Born Natalia Nikolaevna Zacharenko in San Francisco to Russian immigrant parents, Wood began acting at just four years old and landed her breakout role at eight, charming audiences as Susie Walker in the Christmas classic Miracle on 34th Street. Her ascent to fame was steady and swift; as a teenager she starred in Rebel Without a Cause and as a young adult in West Side Story. By 25, she had already earned three Academy Award nominations. At the height of her career, one director remarked, “Natalie Wood has a stranglehold on every young leading-lady part in town. If a role calls for a woman between 15 and 30, you automatically think of her.”
At a time when few women held sway in Tinseltown, Wood insisted on choosing her own roles, demanding equal pay to her male costars, and negotiating ownership stakes in her films. She embraced stardom and was known for both her talent onscreen as well as her high-profile romances with James Dean, Elvis Presley, Frank Sinatra, and Warren Beatty. She married three times (twice to actor Robert Wagner), and prized her loved ones and home life above all. “The most important thing to me is family—my husband and my kids,” Wood once said. “There aren’t a lot of other things to relate to.” Read on for a look inside the golden age star’s days off set.

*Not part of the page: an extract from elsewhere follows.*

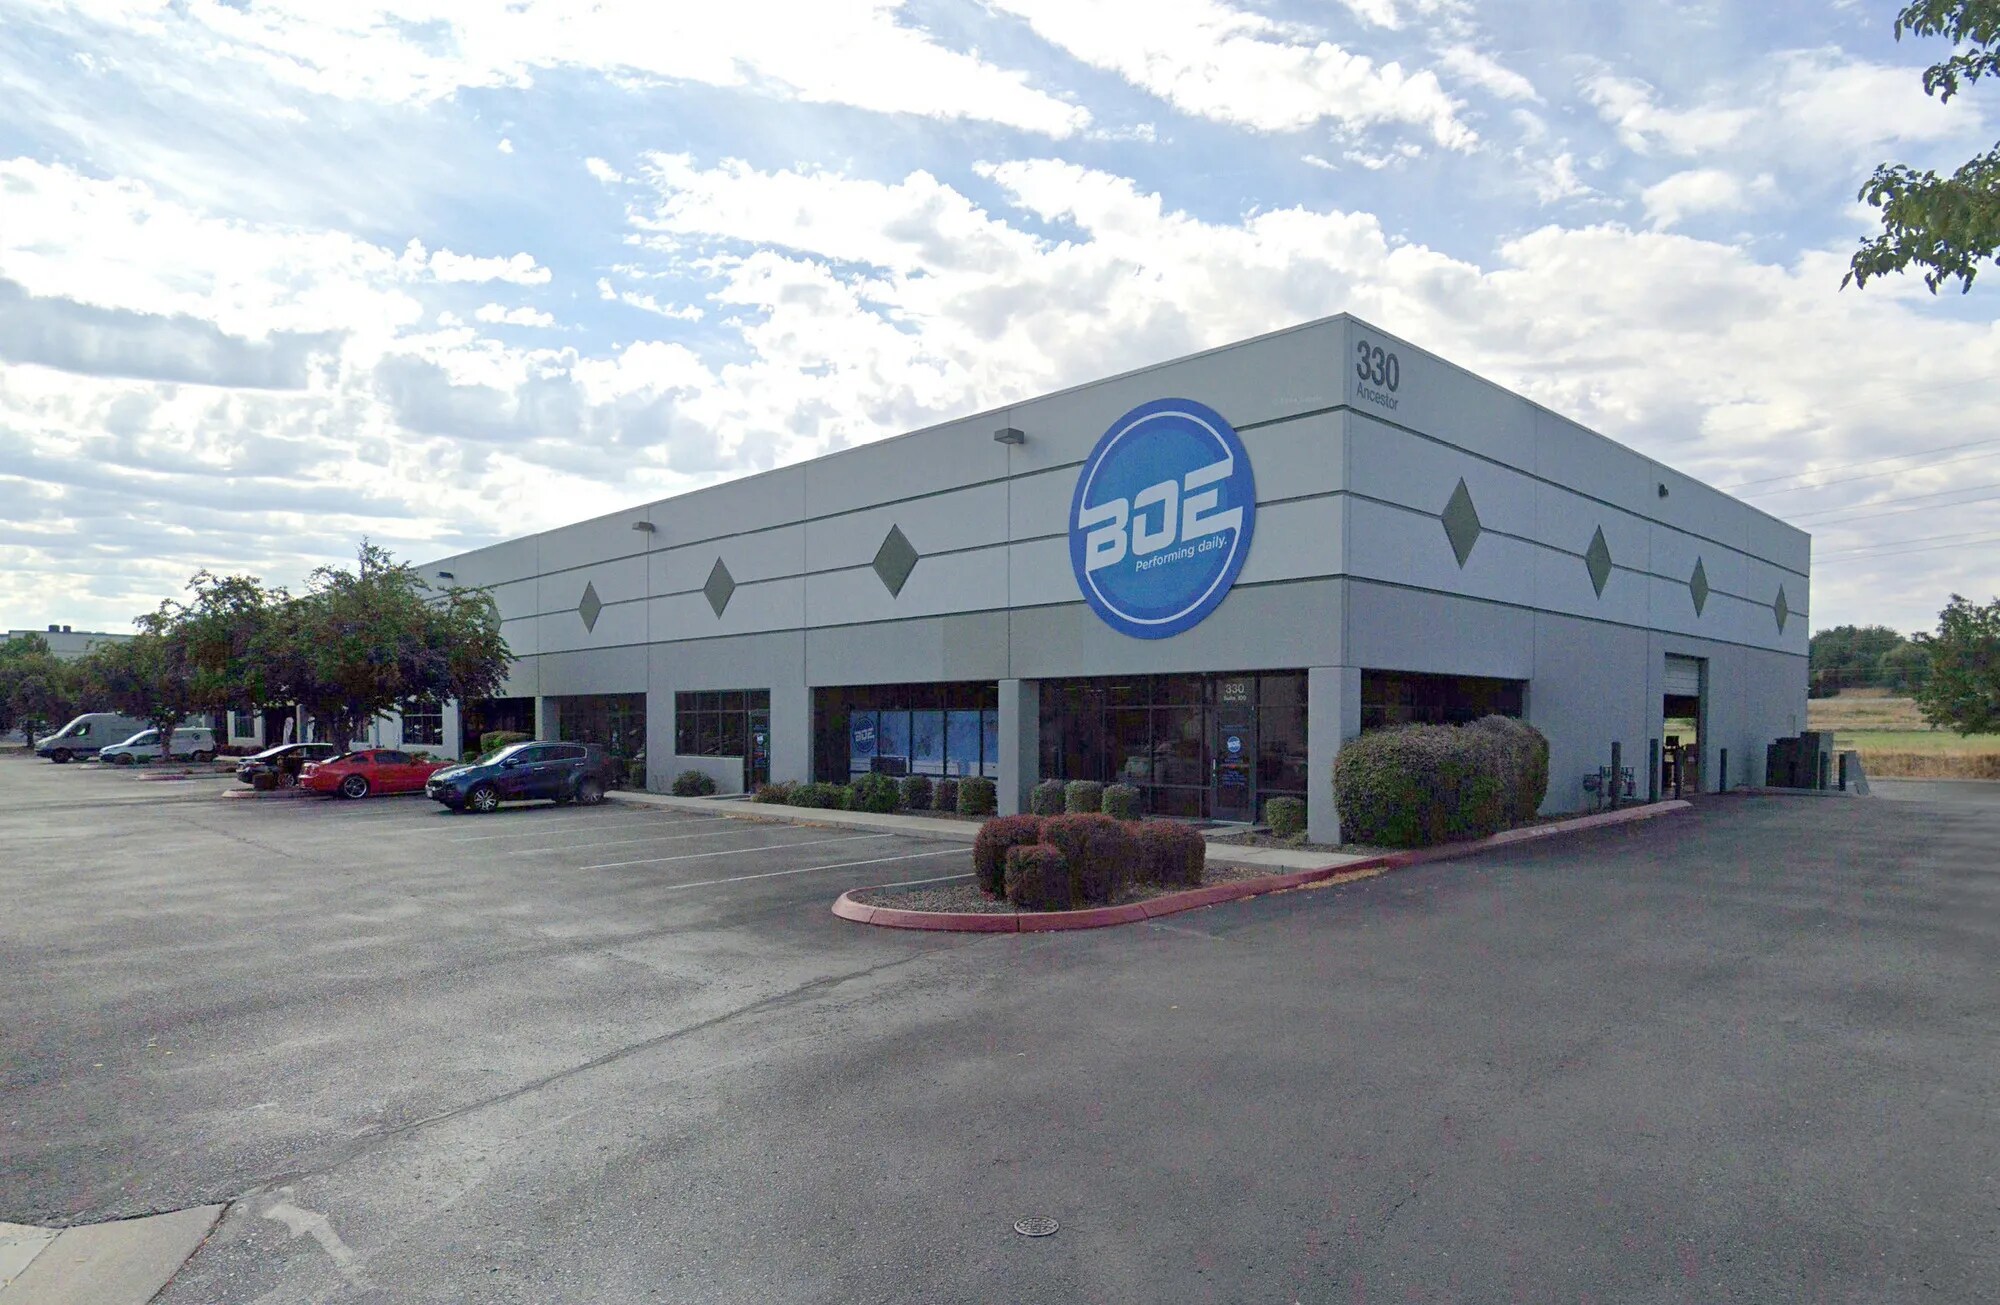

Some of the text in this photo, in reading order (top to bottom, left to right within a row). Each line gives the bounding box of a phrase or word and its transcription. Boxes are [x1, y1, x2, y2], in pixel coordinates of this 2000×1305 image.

- Photo: Earl Leaf/Michael Ochs Archives/Getty Images1/20
Sister, sister
In this summer 1955 image, a 16-year-old Wood stands in a playfully protective pose over her younger sister Lana in the doorway of the family’s California home, located at 15036 Valley Road in Sherman Oaks. Despite their eight-year age difference, the sisters shared a profound connection. “I shed many, many tears over passages about me—how close we were, as sisters and friends and companions, and how much she loved me,” Lana later revealed when reflecting on a draft of Natalie’s memoir.
- Photo: Earl Leaf/Michael Ochs Archives/Getty Images2/20
Budding decorator
Wood chats on the phone in her bedroom at the family’s Sherman Oaks residence in this 1955 shot. The home’s maximalist decor was the creative doing of the young starlet, an early expression of the sensibility that would later flourish into her own interior decorating practice in the 1970s. “My mother loved to make statements with bold patterns and colors,” Wood’s eldest daughter Natasha Gregson Wagner wrote in her 2020 book More Than Love: An Intimate Portrait of My Mother, Natalie Wood. “I learned how to decorate my home from the sets on my movies,” was a statement oft repeated by the actor, according to Natasha.
- Photo: Earl Leaf/Michael Ochs Archives/Getty Images3/20
Favored femme aesthetic
“She was going through her pink phase,” Wood’s childhood friend Jackie Eastes said of the bedroom in the star’s Sherman Oaks home. “Everything was pink.” The frilly canopy seen here and the roses on the wallpaper were both pink, matching her rosy hued 1955 Thunderbird convertible. The teenager even swathed the silver blue Mercedes 300 SL roadster, which she bought in 1957, in the frothy color.
- Photo: Earl Leaf/Michael Ochs Archives/Getty Images4/20
Animal house
Wood had a lifelong love of animals. She owned numerous pets over the years, including turtles, guinea pigs, mice, birds, lizards, ducks, rabbits, and the dog in this 1955 snap. “She had a special way of communing with animals,” Natasha wrote in her book, adding that Wood “often favored the ugly ones.”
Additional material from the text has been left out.